Some political analysts have criticised the regional body for not being proactive in taking steps to prevent Mr. Condé from amending the Guinean constitution to remain in power for a third term.

Senior Law Lecturer at the University of Ghana Law School, Prof. Kwadwo Appiagyei-Atua said that although ECOWAS has appropriate treaties and protocols to deal with volatility in the sub-region, the bloc lacks the powers to decisively deal with the recurrent coup d’états.

Speaking on JoyNews Newsfile Saturday, the law professor said that the African Union (AU) and the ECOWAS must have a broader look at the causes of the undemocratic changes in governments in order to reduce the political instability witnessed in recent times.

He proposed that member states must be made to yield more powers to the regional blocs to deal ruthlessly with issues capable of creating instability in the sub-region.

“We have not been able to transform the international organisation to have a character of its own. The international organisation is supposed to take away some sovereignty from the member states. The member states should be willing to cede parts of their sovereignty to the international organisation to enable it to have a character of its own and be able to apply sanctions where necessary,” he said.
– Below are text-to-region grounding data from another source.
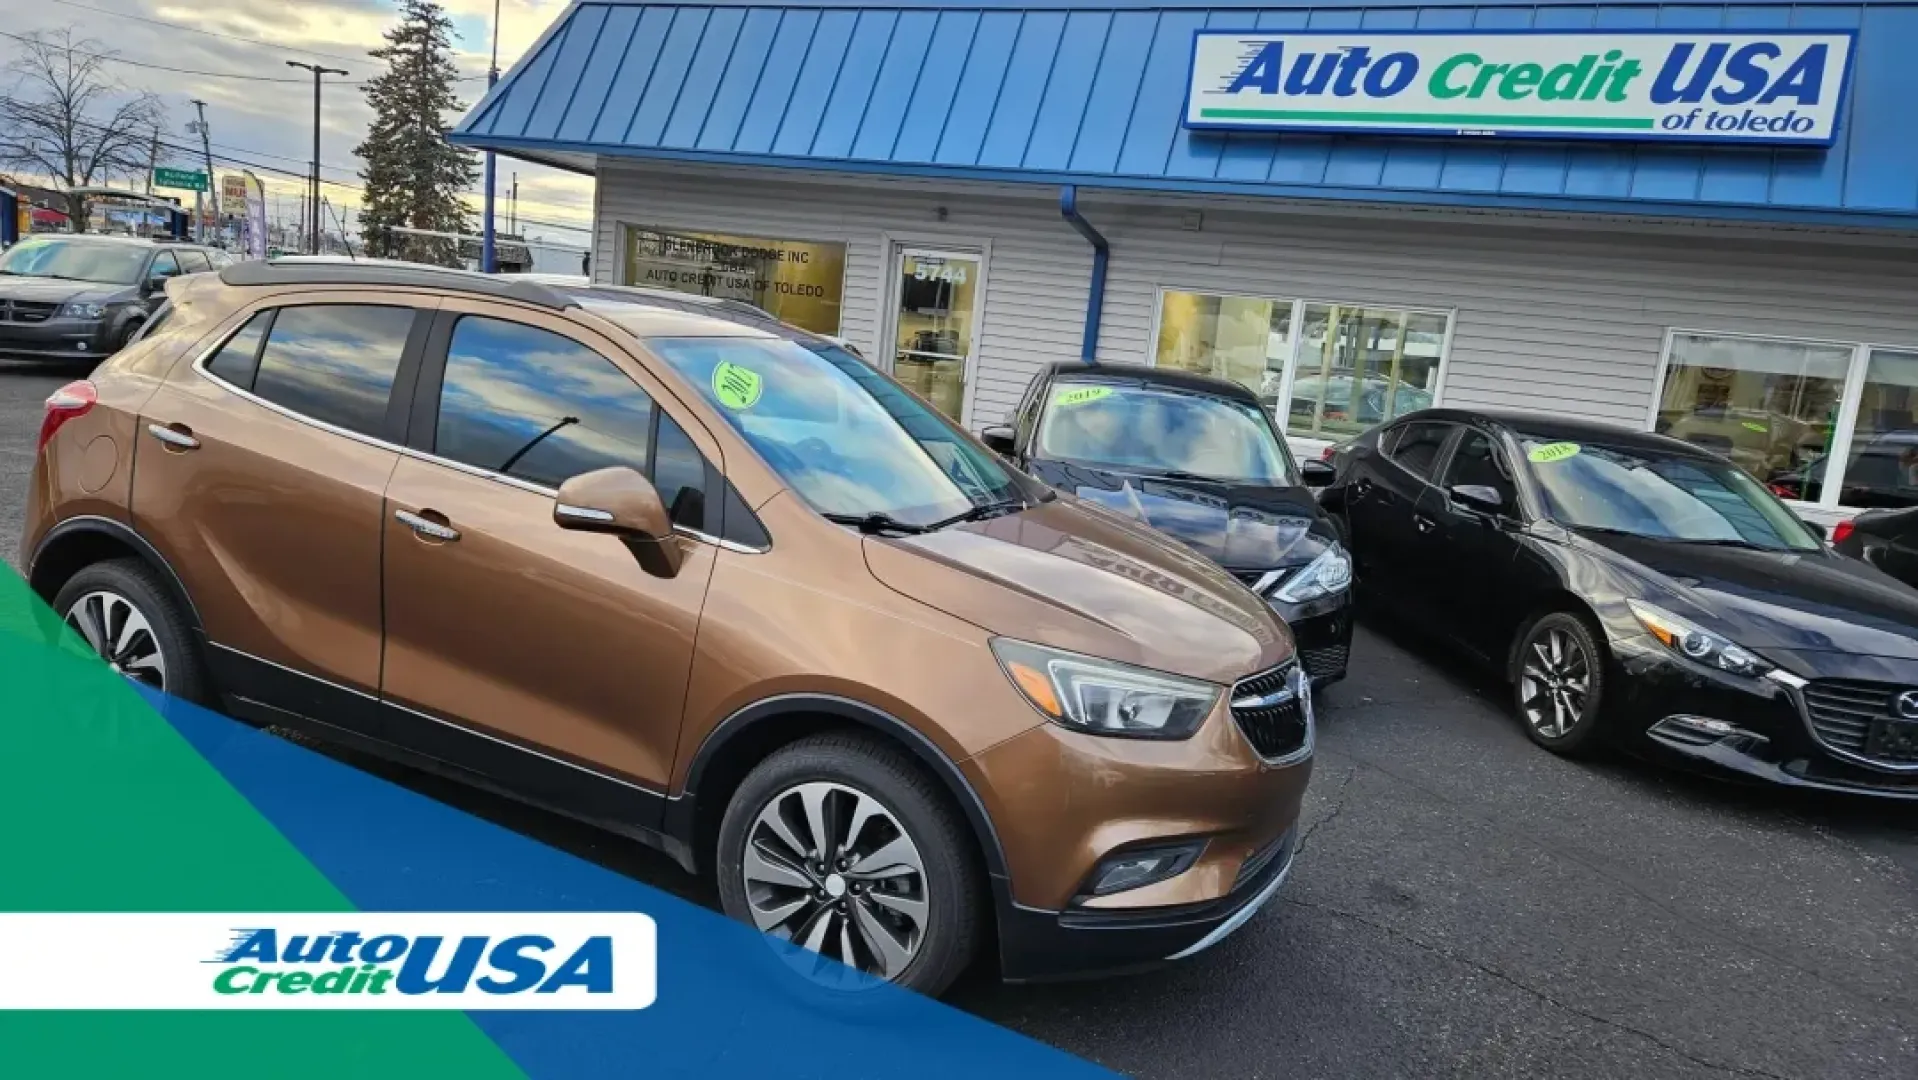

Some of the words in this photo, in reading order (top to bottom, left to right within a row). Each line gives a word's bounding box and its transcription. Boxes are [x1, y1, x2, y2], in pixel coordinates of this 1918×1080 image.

[1220, 40, 1420, 97] Auto
[1427, 48, 1642, 102] Credit
[1649, 42, 1829, 106] USA
[1661, 107, 1699, 133] of
[1703, 107, 1814, 133] toledo
[743, 247, 784, 262] DODGE
[788, 251, 809, 264] INC
[646, 270, 677, 283] AUTO
[681, 272, 721, 286] CREDIT
[727, 276, 750, 290] USA
[755, 280, 769, 292] OF
[774, 282, 825, 298] TOLEDO
[915, 263, 966, 284] 5744
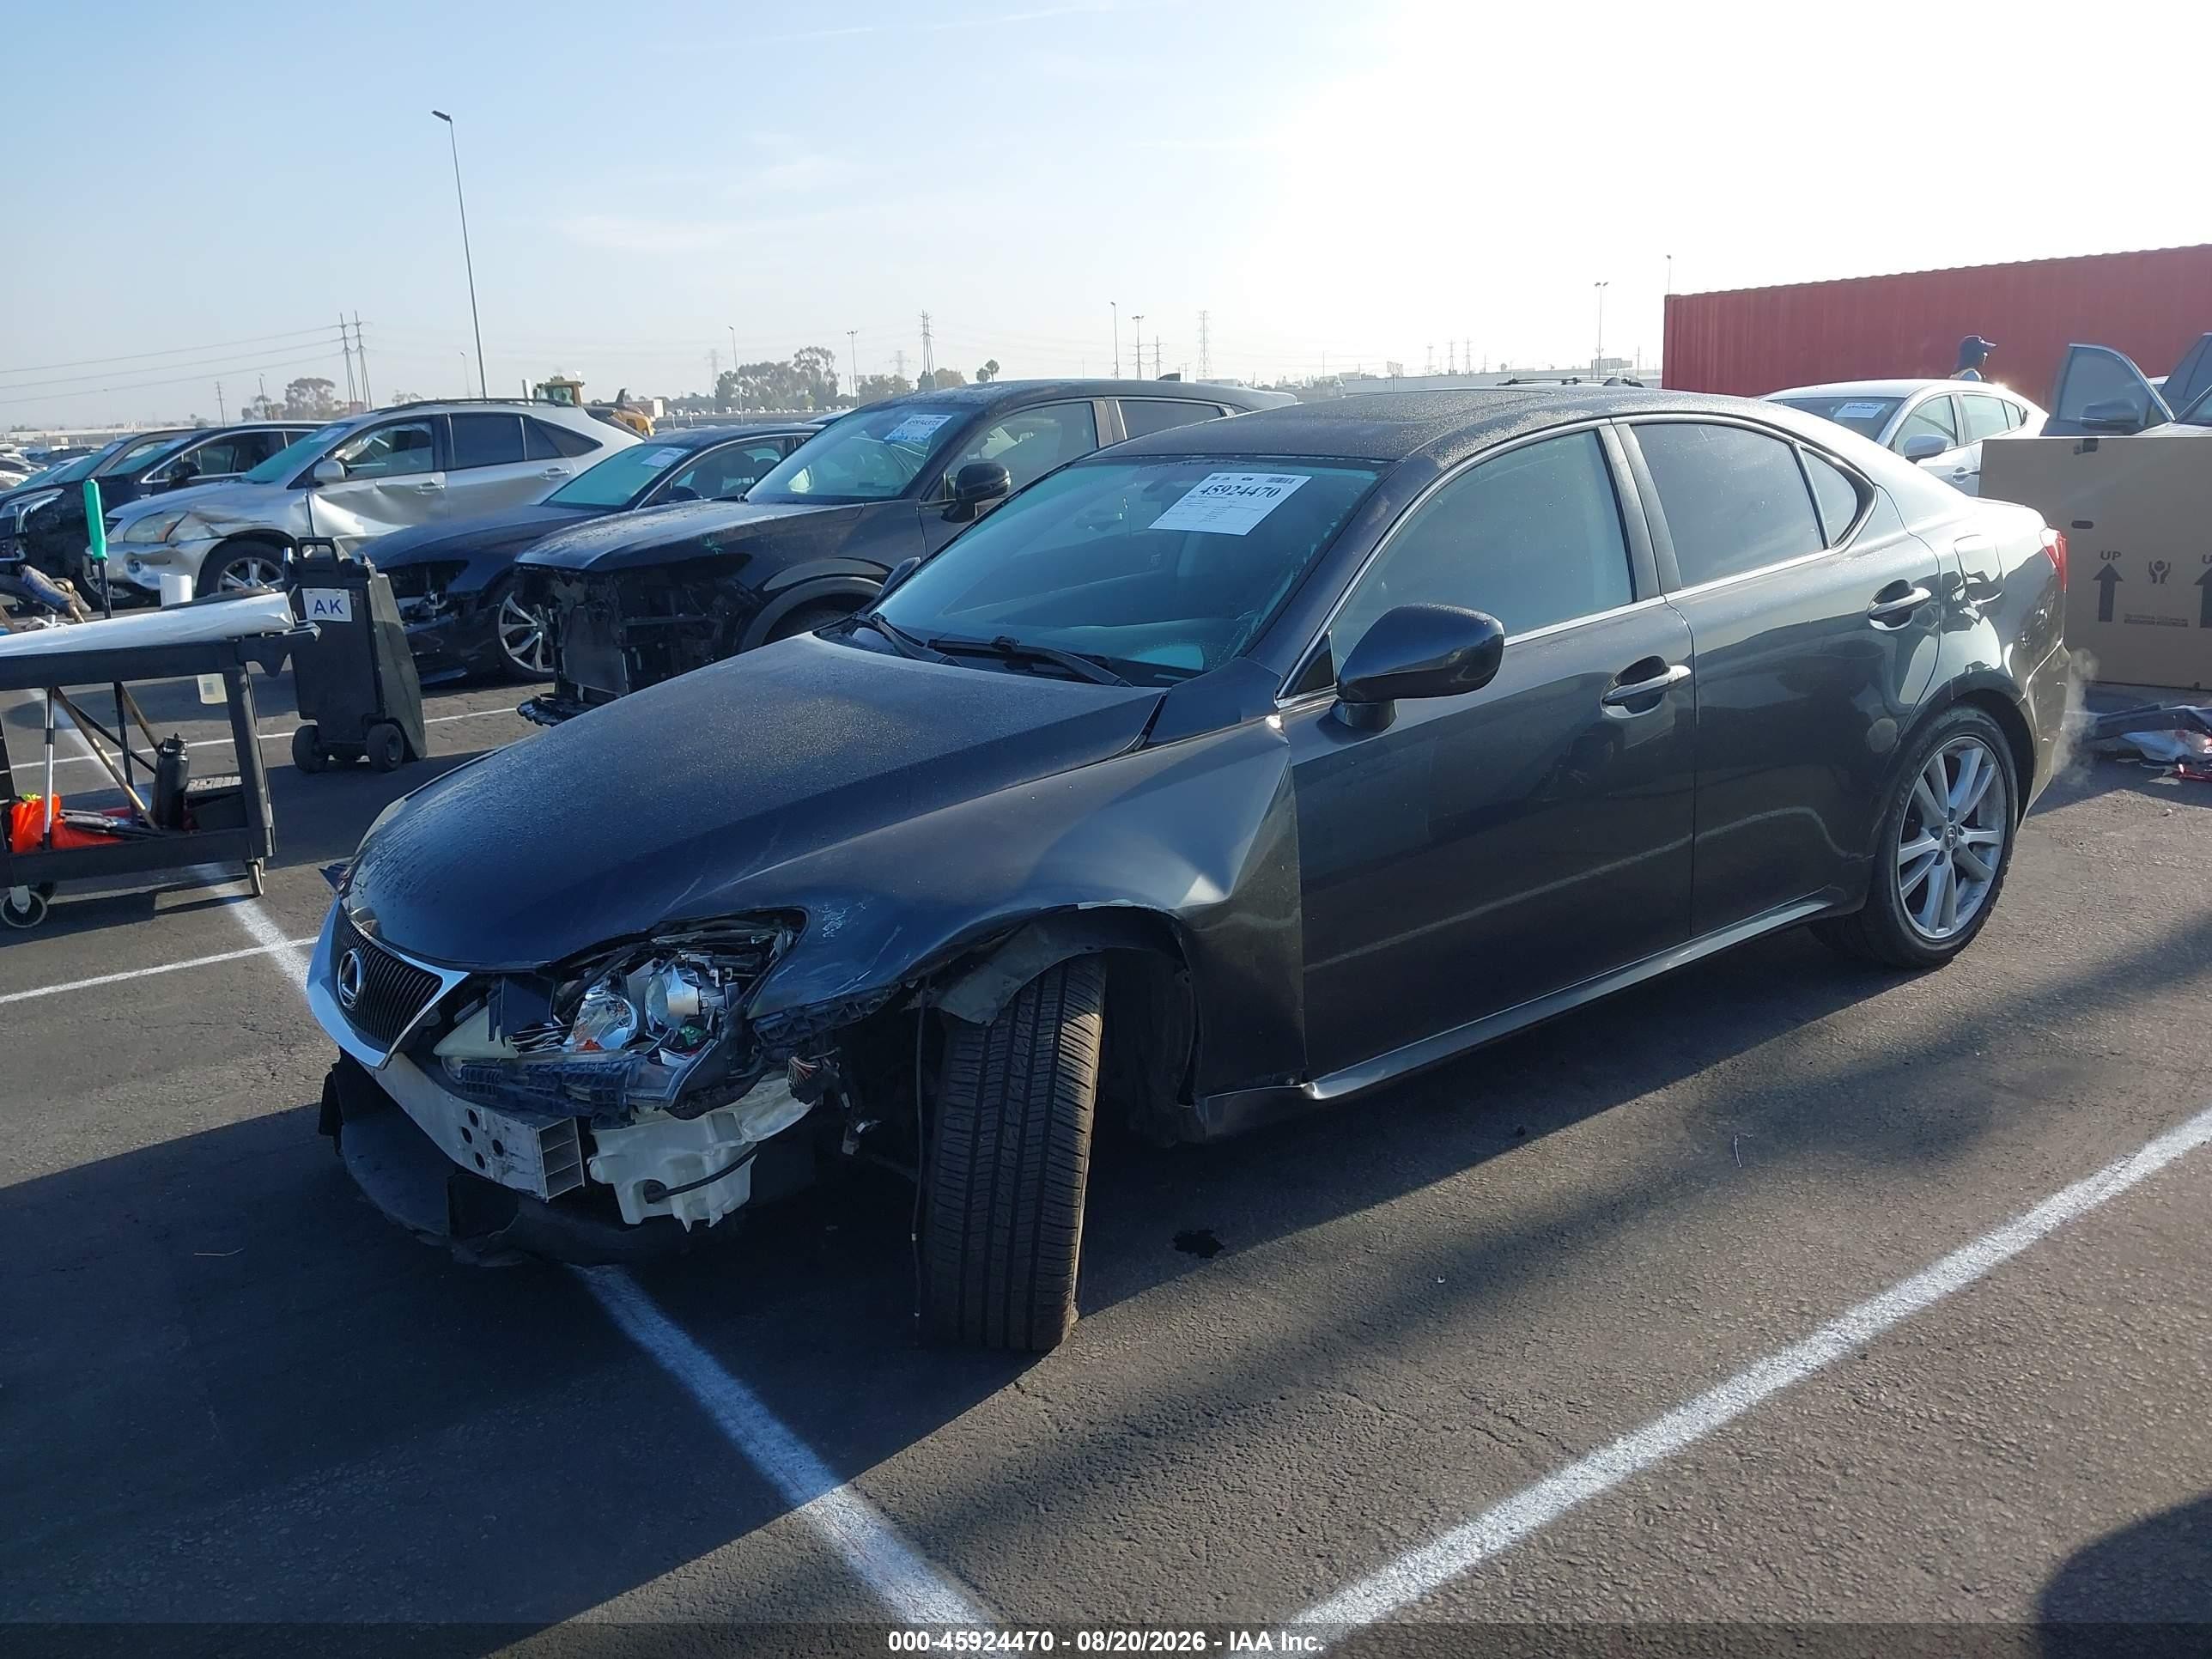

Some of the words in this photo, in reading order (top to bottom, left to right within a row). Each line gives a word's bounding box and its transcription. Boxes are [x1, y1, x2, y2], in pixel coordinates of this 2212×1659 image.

[1199, 484, 1282, 498] 45924470
[2100, 550, 2122, 561] UP
[2202, 554, 2212, 564] U
[313, 599, 343, 615] AK
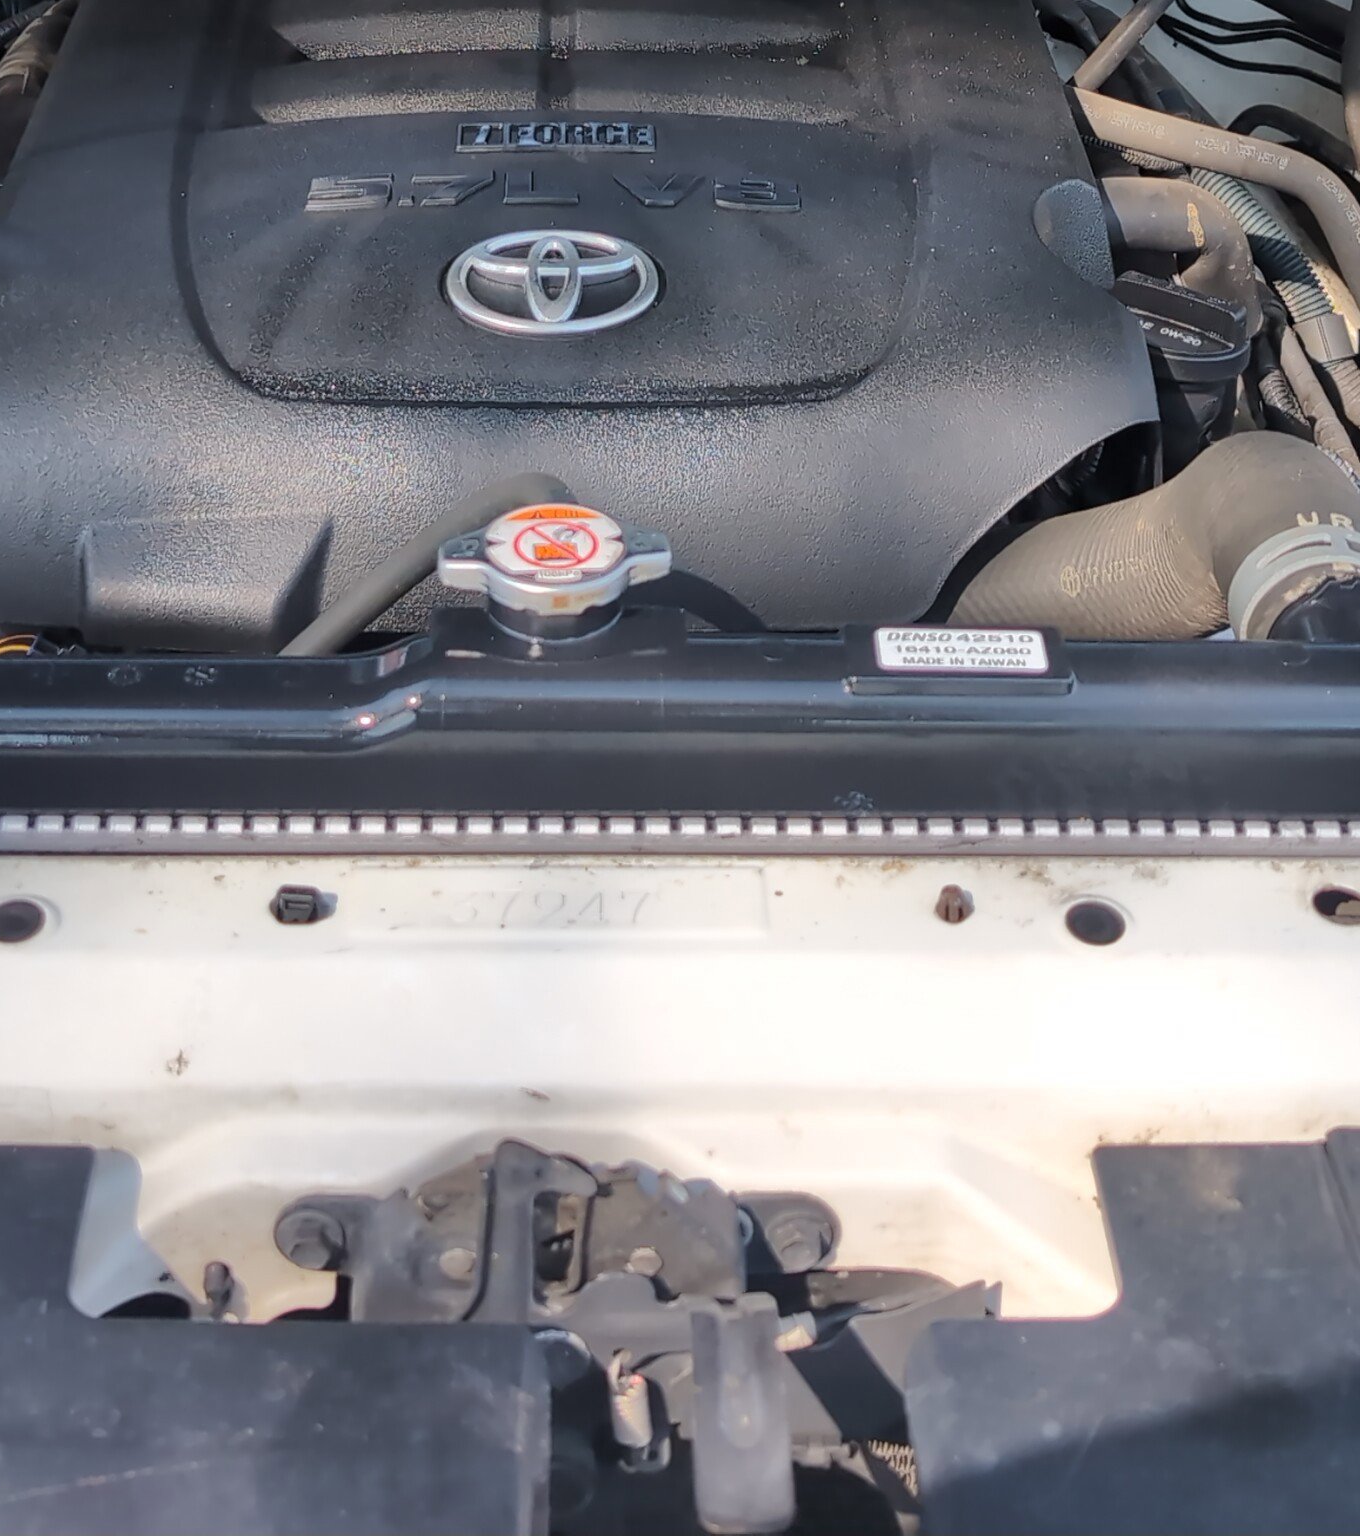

The AU regime against the unconstitutional change of government, first pronounced in the Lome Declaration, formalised in its Constitutive Act and further elaborated in the African Charter on Democracy, Elections and Governance, encompasses a range of different acts, and tasks the institution with countering coups and other types of unlawful and undemocratic power grabs. 

However, the AU has never publicly invoked this prohibition, despite the prevalence of third-termism across the continent and has largely remained silent in the face of “constitutional coups” – incumbent leaders making amendments to the constitution to avoid term and age limits.

But the law professor believes ECOWAS failed to act swiftly on the military overthrow in Guinea.

According to Prof. Appiagyei-Atua, if the regional bloc had acted when the ousted President, Alpha Condé made changes in the constitution to remain in power for the third term, the military would not have stepped in.

The Senior Lecturer also cautioned that the trend where some African leaders overturn their constitution to seek a 3rd term in power may spell doom for the continent and called for urgent steps to be taken to avert any form of instability in the sub region.